◆ **Exercise**:
Your answer must be an exact transcription of every record below, with the pictures omitted.

◆ **Exercise materials**:
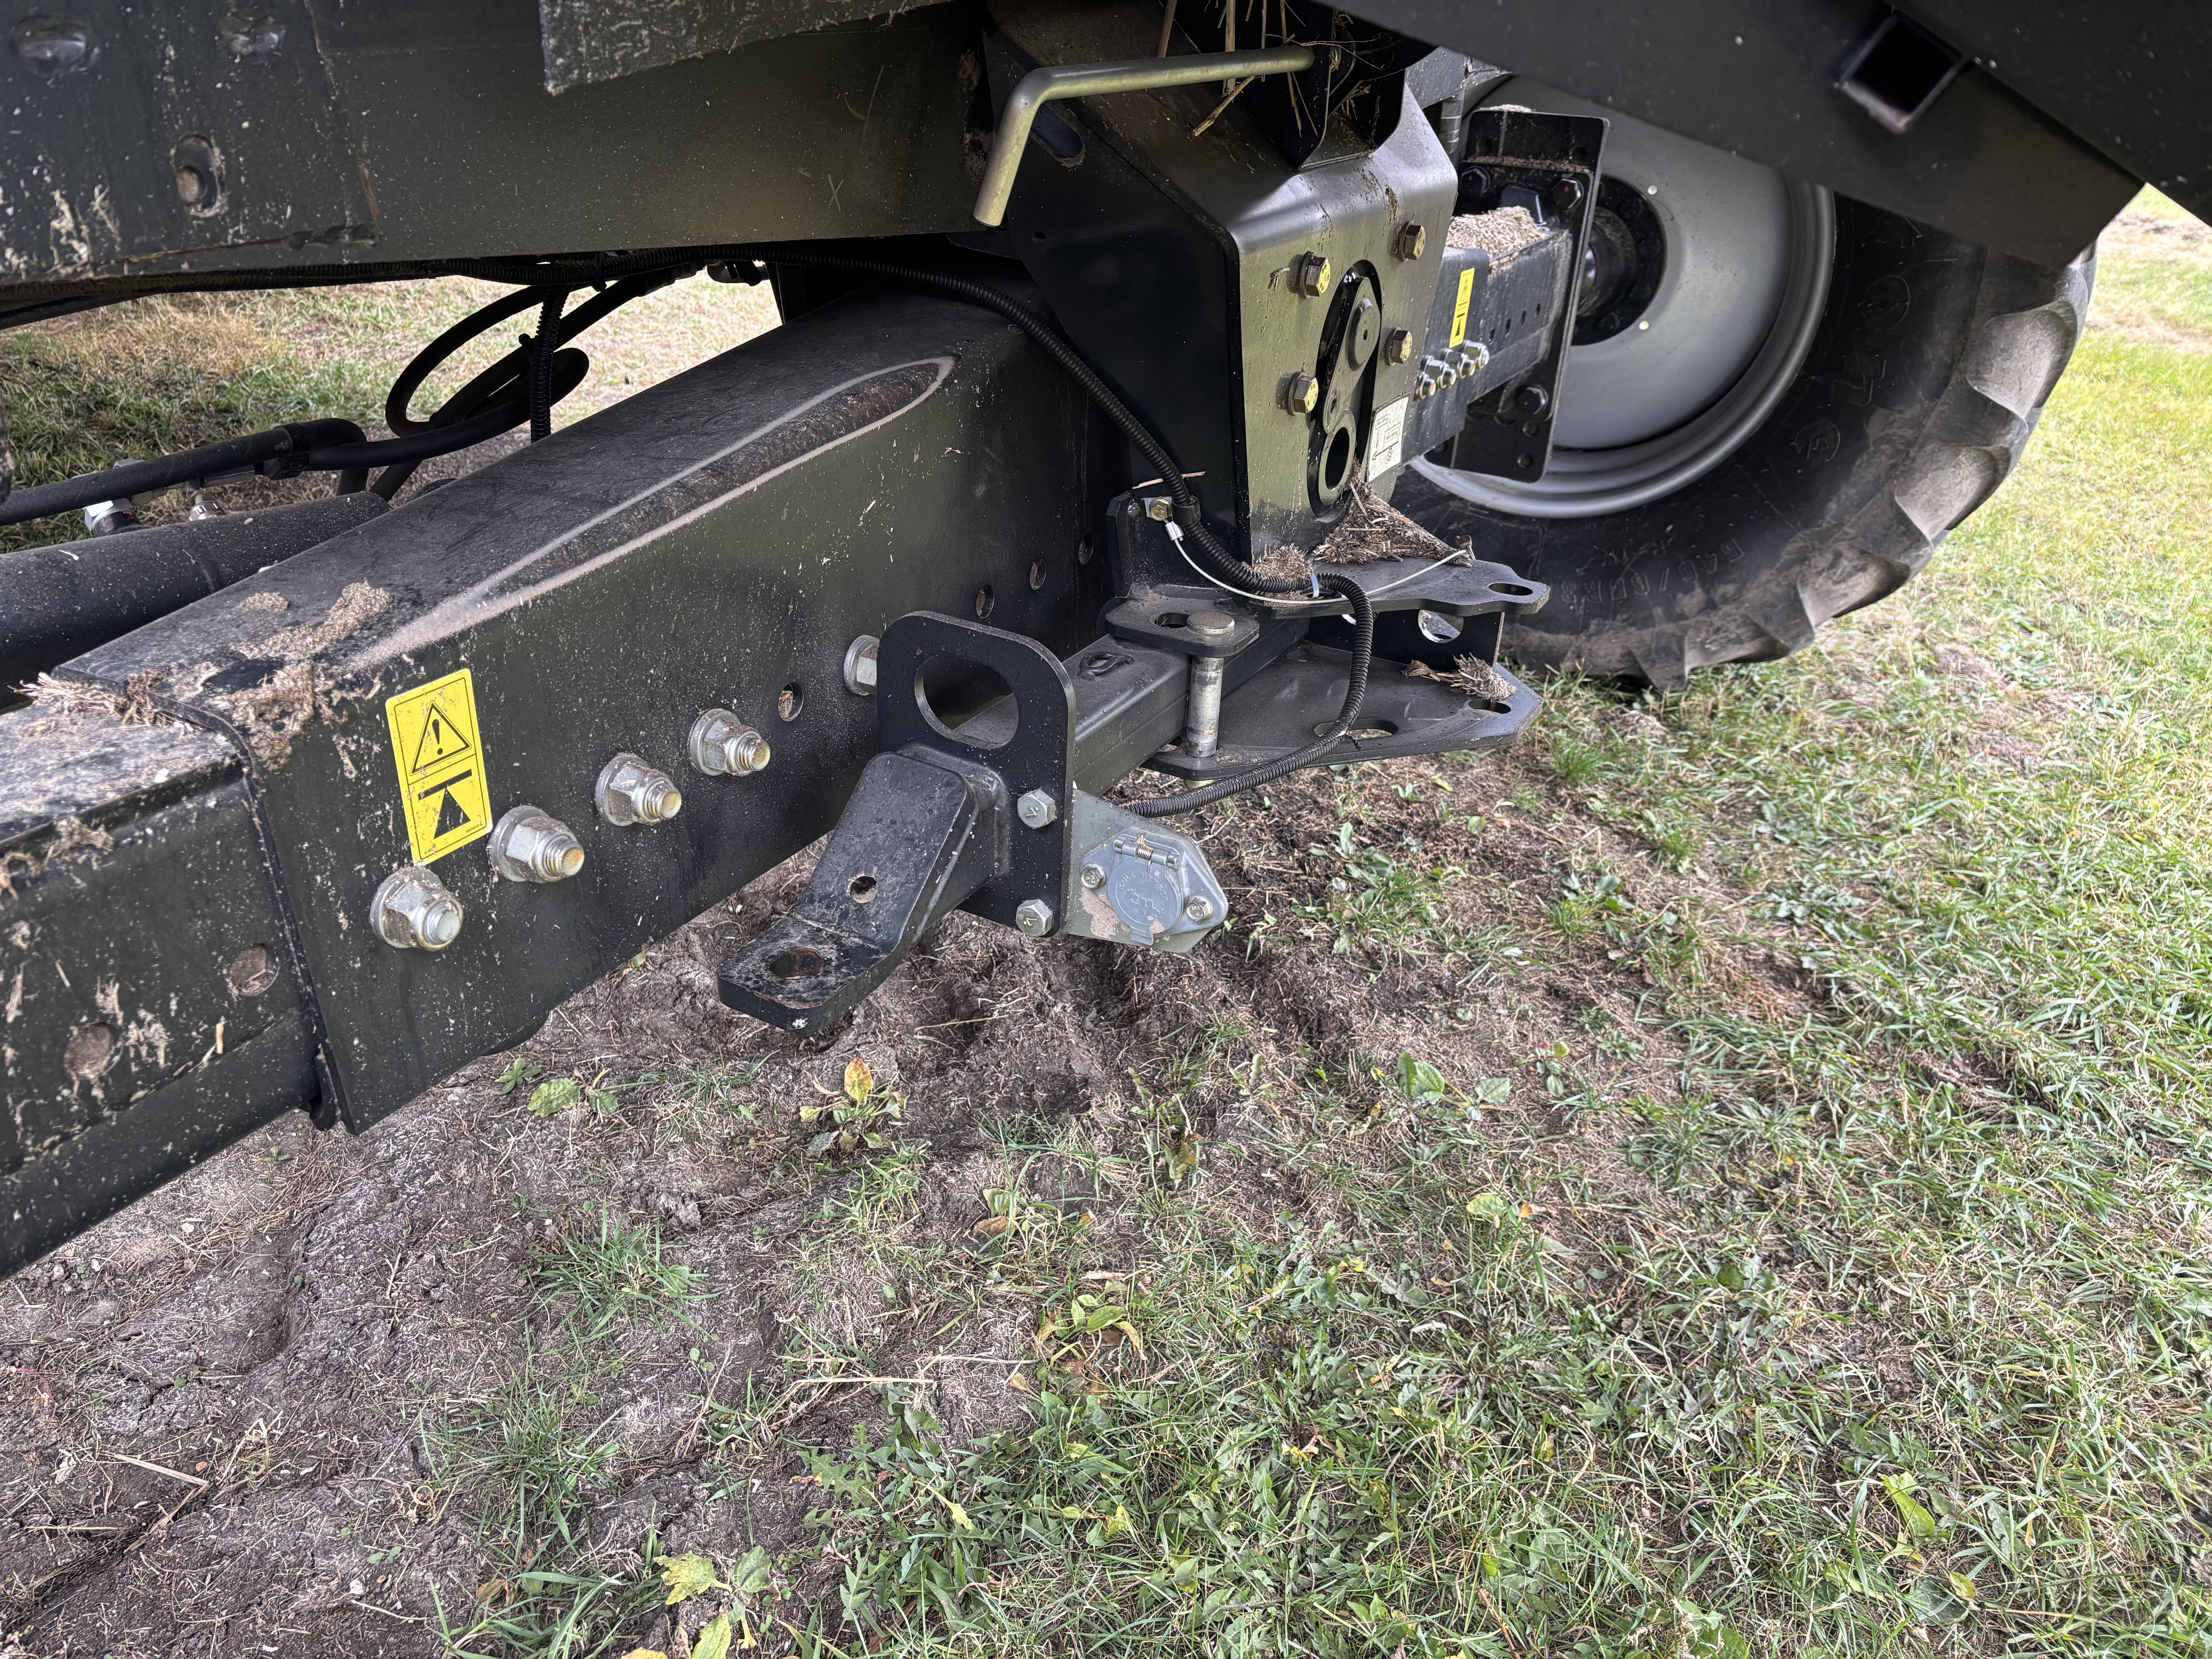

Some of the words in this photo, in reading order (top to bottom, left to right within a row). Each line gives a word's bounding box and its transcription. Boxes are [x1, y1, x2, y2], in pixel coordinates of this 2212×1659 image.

[1547, 538, 1745, 603] 540/65R3
[1118, 871, 1136, 888] COLE
[1141, 872, 1168, 902] HERSEE
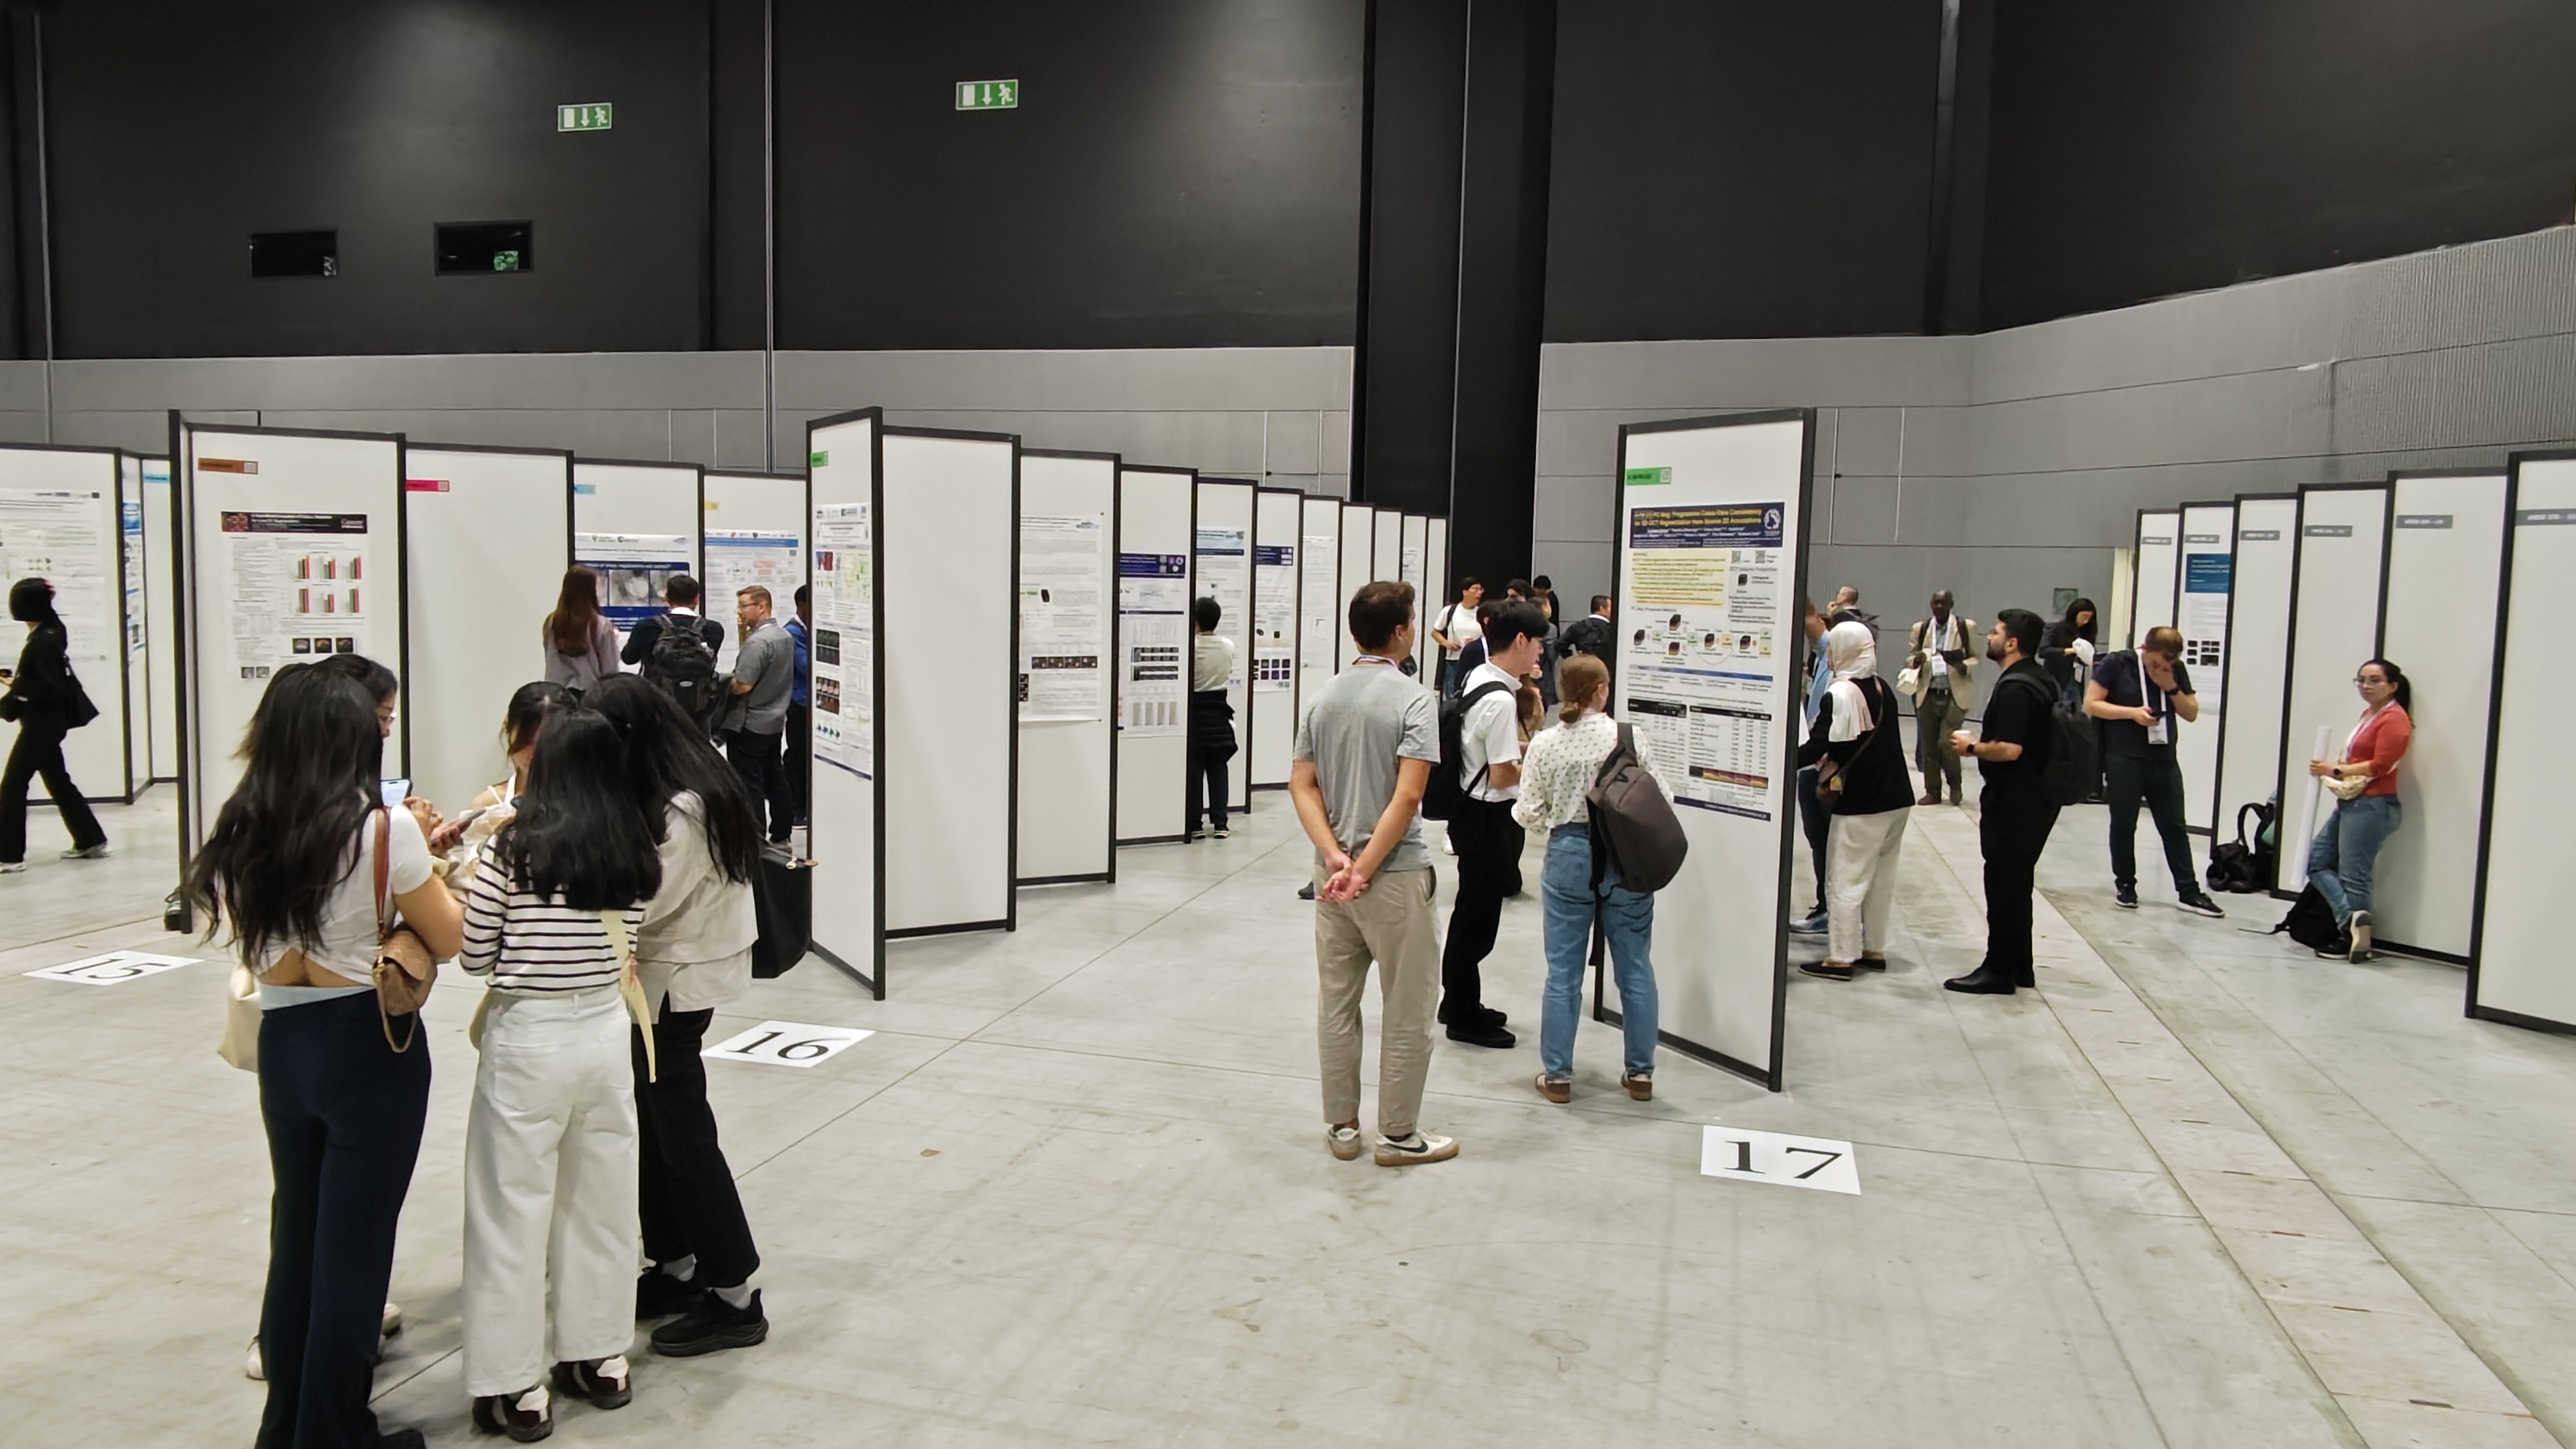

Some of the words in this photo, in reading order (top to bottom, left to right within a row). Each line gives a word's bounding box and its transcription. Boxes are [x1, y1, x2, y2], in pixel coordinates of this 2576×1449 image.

[51, 959, 170, 979] 15
[725, 1030, 851, 1060] 16
[1723, 1140, 1843, 1179] 17

◆ **Result**:
Some of the words in this photo, in reading order (top to bottom, left to right within a row). Each line gives a word's bounding box and its transcription. Boxes are [x1, y1, x2, y2], in pixel coordinates of this 2212×1659 image.

[1547, 538, 1745, 603] 540/65R3
[1118, 871, 1136, 888] COLE
[1141, 872, 1168, 902] HERSEE

Some of the words in this photo, in reading order (top to bottom, left to right within a row). Each line gives a word's bounding box and its transcription. Boxes are [x1, y1, x2, y2], in pixel coordinates of this 2576×1449 image.

[51, 959, 170, 979] 15
[725, 1030, 851, 1060] 16
[1723, 1140, 1843, 1179] 17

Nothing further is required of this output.